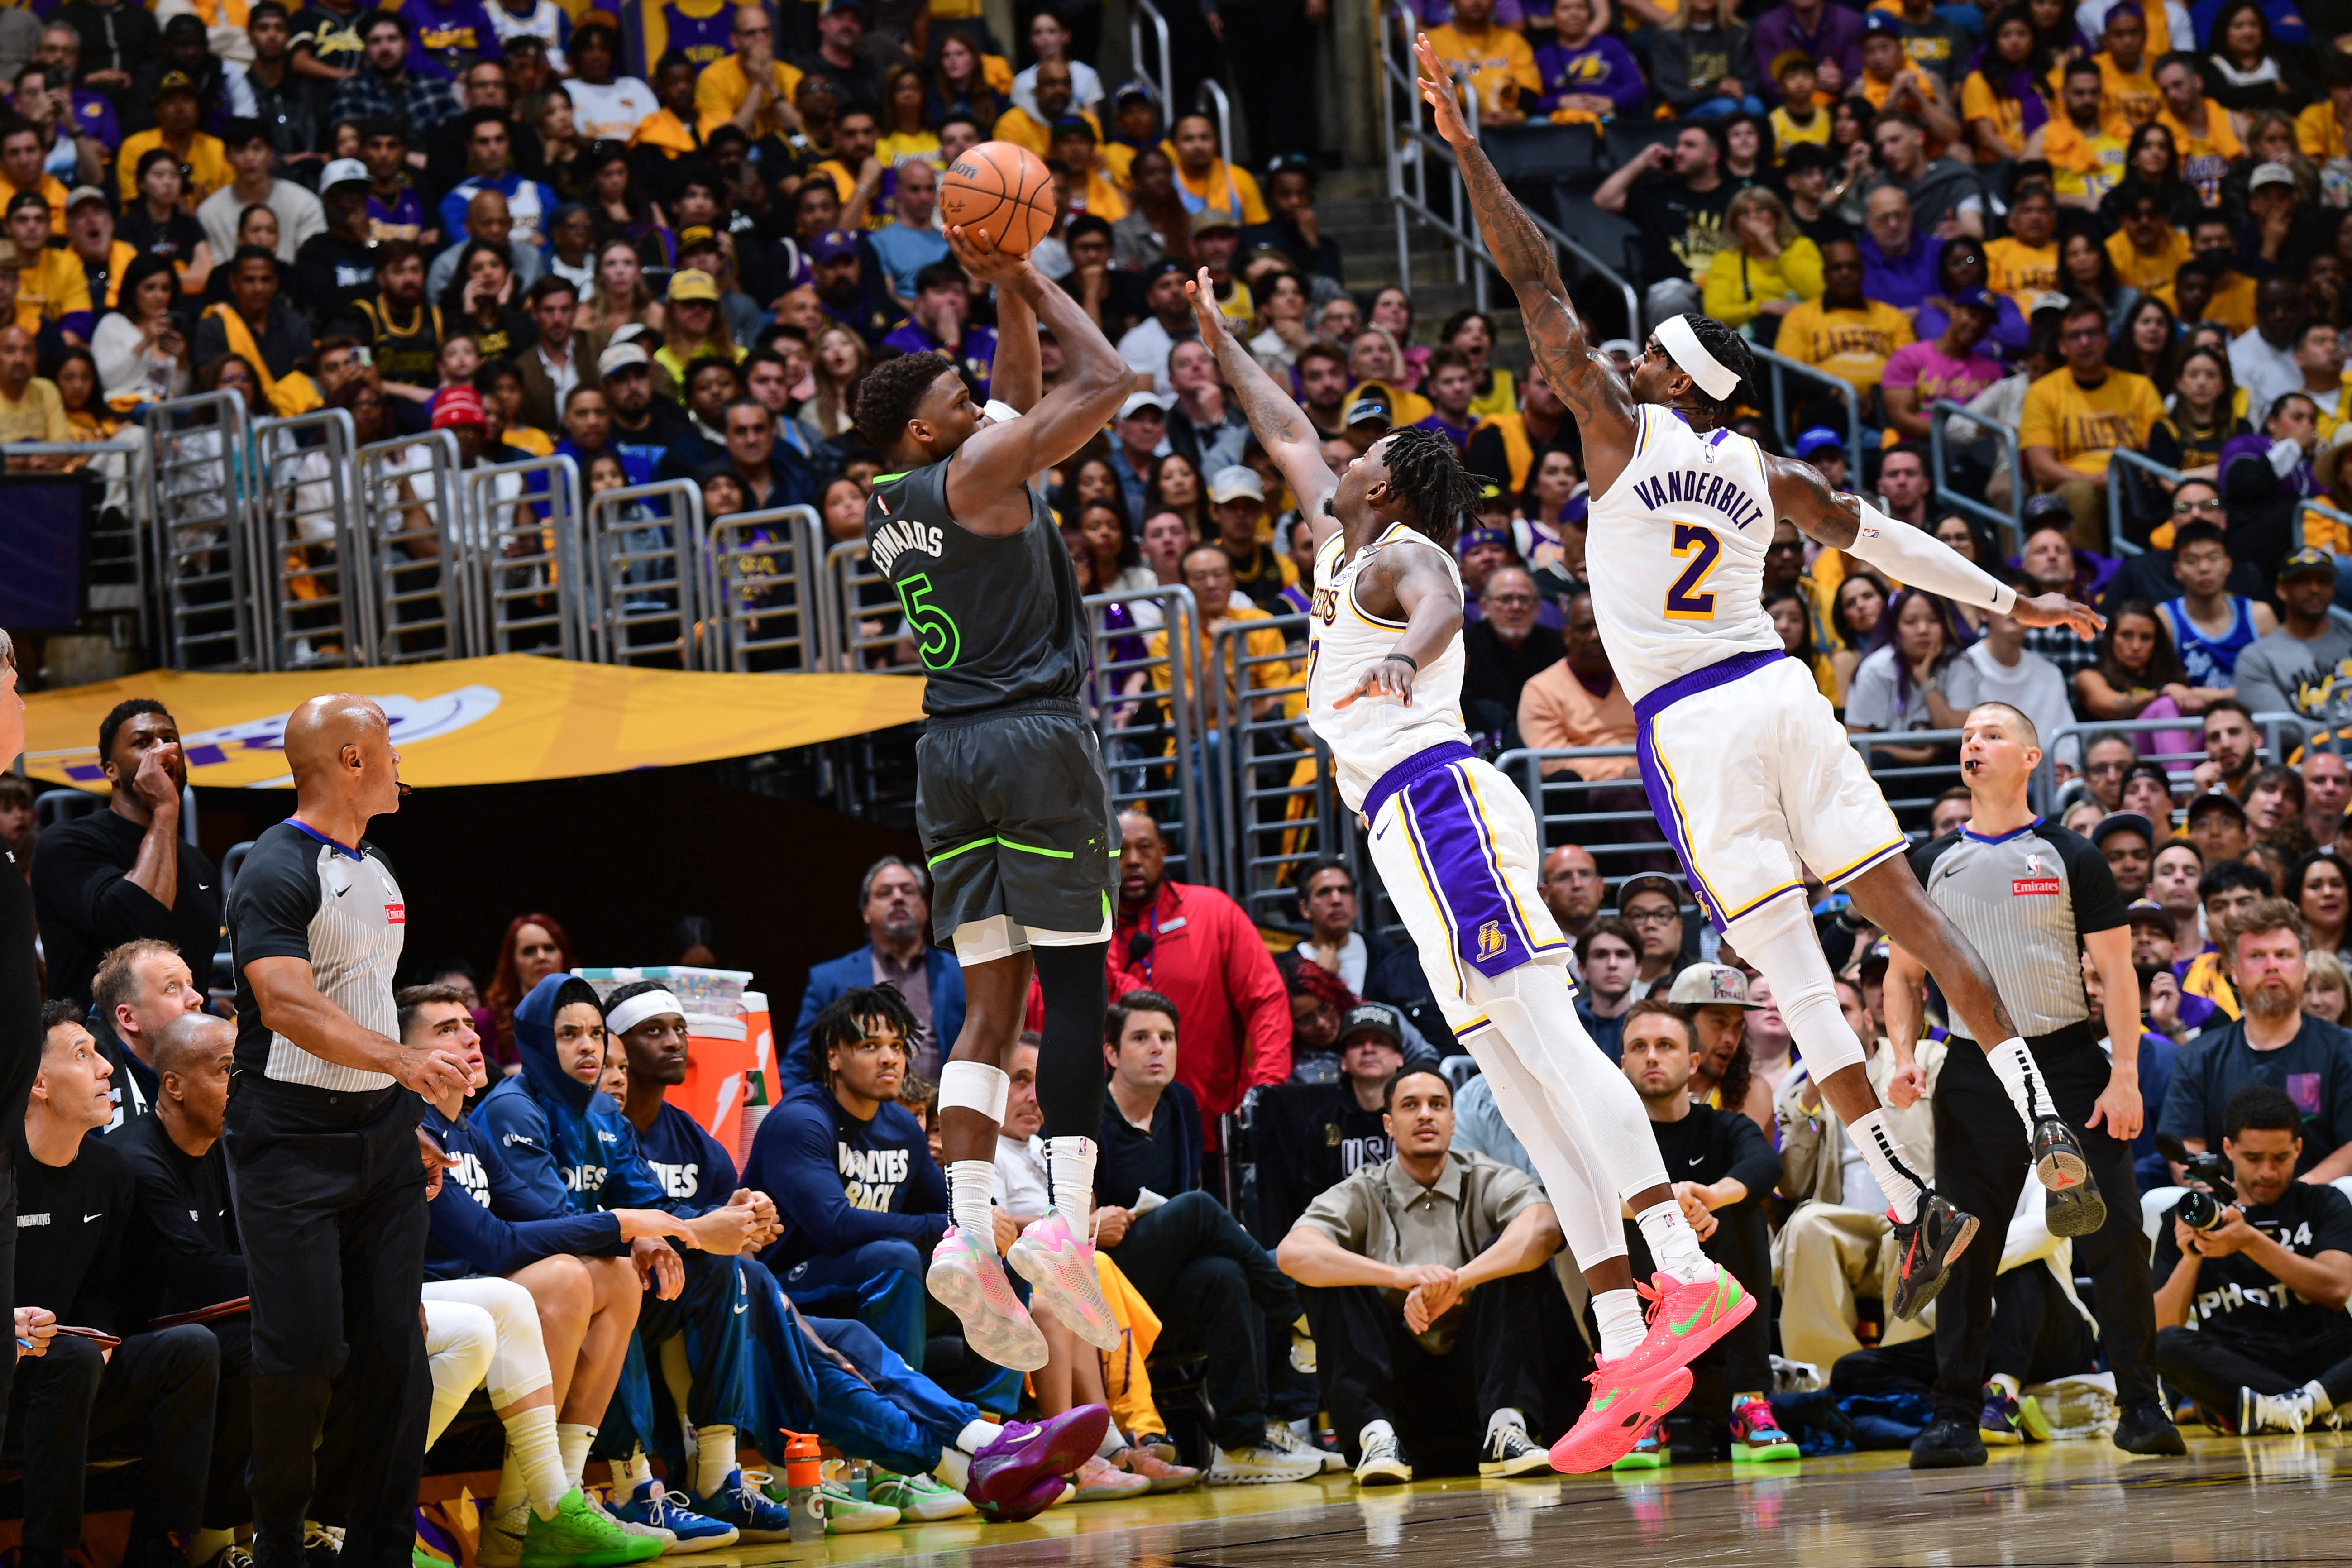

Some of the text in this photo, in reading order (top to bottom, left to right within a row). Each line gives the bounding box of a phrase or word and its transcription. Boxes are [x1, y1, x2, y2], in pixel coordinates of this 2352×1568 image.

[1633, 470, 1763, 531] VANDERBILT
[872, 520, 943, 579] EDWARDS
[1664, 521, 1723, 621] 2
[896, 572, 960, 670] 5
[2013, 881, 2059, 893] Emirates
[838, 1141, 909, 1183] WOLVES
[2279, 1220, 2314, 1253] 24
[2198, 1282, 2311, 1319] PHOT
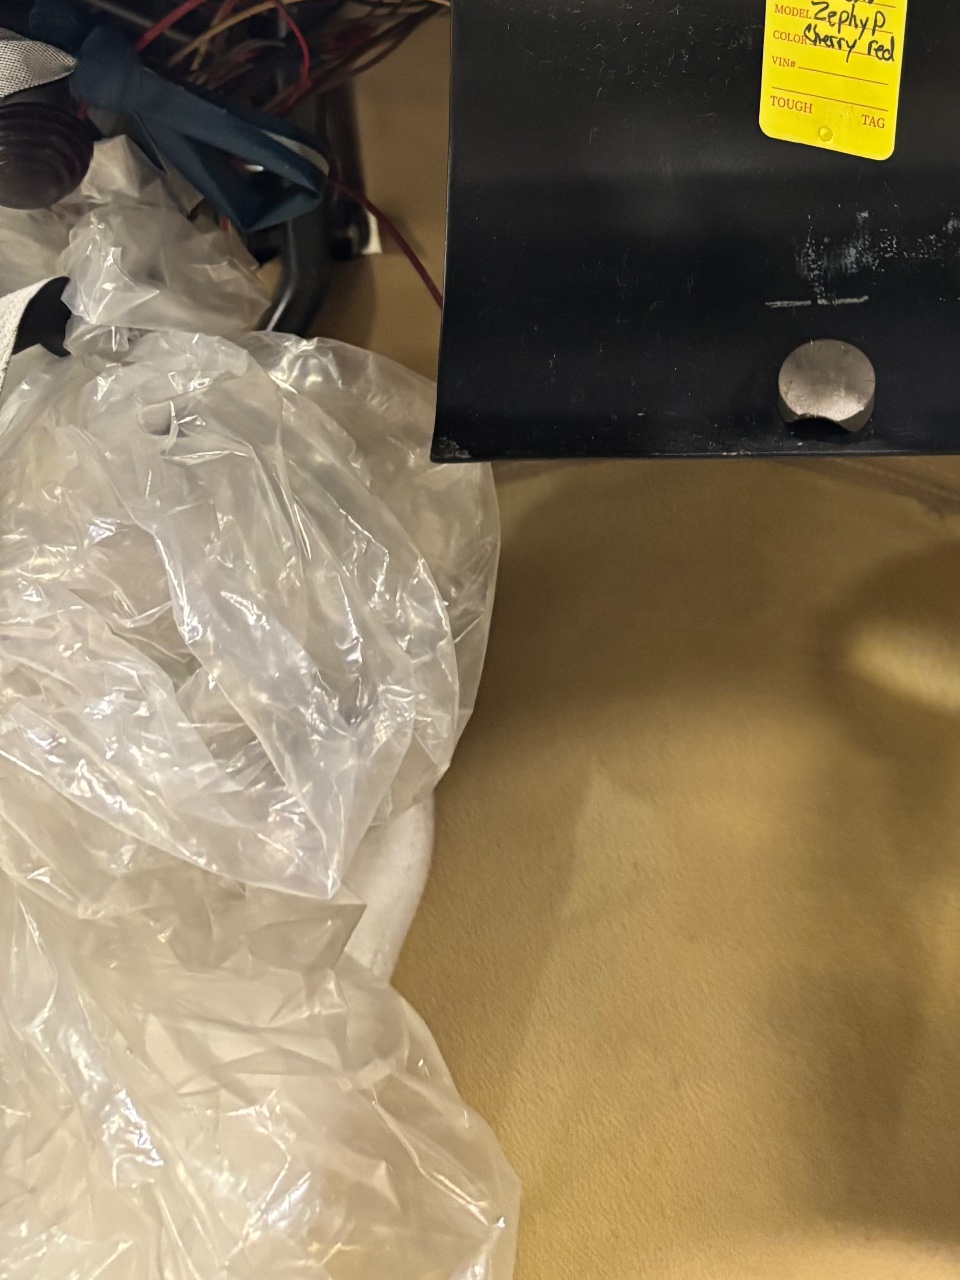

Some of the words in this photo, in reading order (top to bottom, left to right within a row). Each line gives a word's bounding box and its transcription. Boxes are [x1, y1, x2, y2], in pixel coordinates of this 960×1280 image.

[774, 4, 812, 19] MODEL
[773, 30, 808, 45] COLOR
[868, 36, 895, 62] red
[771, 56, 796, 69] VIN#
[770, 95, 813, 114] TOUGH
[861, 114, 885, 129] TAG

__WHAT IS REQUIRED__: Print each line of the material above exactly, with the pictures removed from your copy.

__SOLUTION TO THIS TASK__:
Some of the text in this photo, in reading order (top to bottom, left to right within a row). Each line gives the bounding box of a phrase or word and its transcription. Boxes are [x1, y1, x2, y2], in pixel coordinates of this 2352×1568 image.

[1633, 470, 1763, 531] VANDERBILT
[872, 520, 943, 579] EDWARDS
[1664, 521, 1723, 621] 2
[896, 572, 960, 670] 5
[2013, 881, 2059, 893] Emirates
[838, 1141, 909, 1183] WOLVES
[2279, 1220, 2314, 1253] 24
[2198, 1282, 2311, 1319] PHOT

Some of the words in this photo, in reading order (top to bottom, left to right within a row). Each line gives a word's bounding box and its transcription. Boxes are [x1, y1, x2, y2], in pixel coordinates of this 960×1280 image.

[774, 4, 812, 19] MODEL
[773, 30, 808, 45] COLOR
[868, 36, 895, 62] red
[771, 56, 796, 69] VIN#
[770, 95, 813, 114] TOUGH
[861, 114, 885, 129] TAG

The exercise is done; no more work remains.